Frustration Tolerance

 I have been doing alot of thinking lately over some long nights where frustration was high and sleep was fleeting.  It is very true what people say about women reaching a certain age and deciding they are done putting up with the B.S.  I think that age is 46 for me. Some things have not changed.  I am a mother to two grown daughters, one son, almost grown, one very young son and now a grandmother to one beautiful little girl.  I homeschool.  I work from home.  I live for my family, home and friends.  My passions are education and children.  I give my heart completely.  I live by the book, thrive on routine and don't like changes. 

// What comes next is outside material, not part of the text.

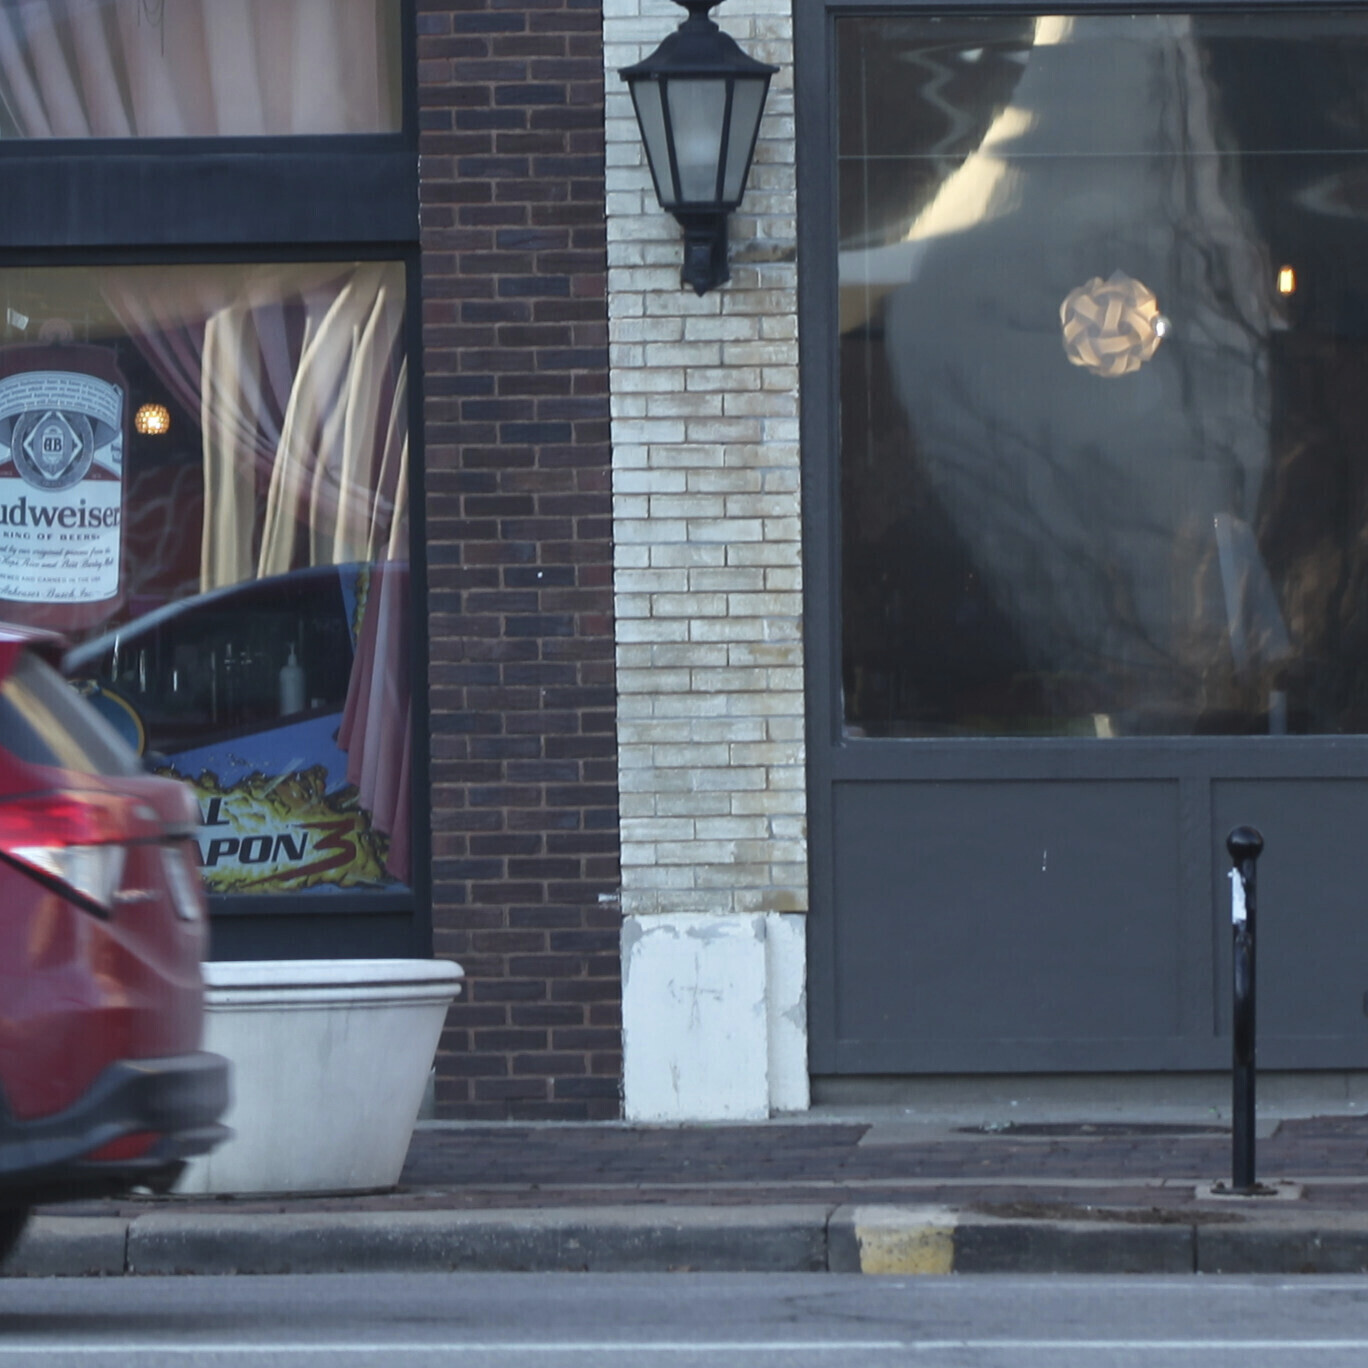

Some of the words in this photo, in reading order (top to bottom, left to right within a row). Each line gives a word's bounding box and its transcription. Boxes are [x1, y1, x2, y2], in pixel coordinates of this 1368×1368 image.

So why, all of a sudden, do I feel so different.  I used to take the crap and roll with the punches.  When life happened to me, people would say "how do you tolerate that?" and I would just shrug and feel like it just WAS so I had to deal.  Lately, though, I don't want to just DEAL.  I don't want to let life just happen to me.  I don't want to live two different lives, one from December to June and one from July to November.  I don't want to deal with the BS.  I don't want to feel helpless because family members problems are happening to ME and they are making choices that are affecting my life in a negative way. I don't want to be responsible for wayward pets.  I don't want to be a single parent and a lonely' wife during football season.  I don't want to wonder just who I will be dealing with today when I look into the eyes of someone I love. 

Ask anyone....I will do anything and everything for my family.  Anything.  All I ask in return is to be loved back and appreciated.  When I feel used instead of appreciated, though, that's when things go south.  I don't like looking into my future and feeling frustrated and trapped.  I don't like having to put up with things that hurt me because I don't have any other choice.  I don't like it and I want to lay on the floor and stamp and scream at the injustice of it all.  My heart feels like it's hardening around the edges.  The things I want and the things I don't want seem to be heading for opposite poles.  I feel as if I am starting to define what I want and need separate from what they want and need and that's a bad thing, because my devotion will keep me in a place that sometimes is painful for me to be in. 

Sigh.  That's why I love cats lol.  While I moan, groan and complain about all the "whoa is me" in my life, my kitty sits beside me, one little paw outstretched to touch my hand, purring loudly and looking at me like I am THE very best thing since catnip. 

Okay.  Enough.  Time to go and watch my son in what will be the last of thirteen seasons for him on the football field.  God, protect my boy this season, as you have in the past twelve seasons.  Grant him some great moments to remember.  Give him teammates who are loyal.  Give him memories that will last forever.  Keep him safe, Lord.  He is my soulmate and the one I look to in this world when I need total acceptance.  I love my Boys Of Fall.  Go Cavs!!

Comments

Rev3:15 said…
Must have been in the air. As I was feeling the same way Saturday- and still am. . . . What is it with middle age?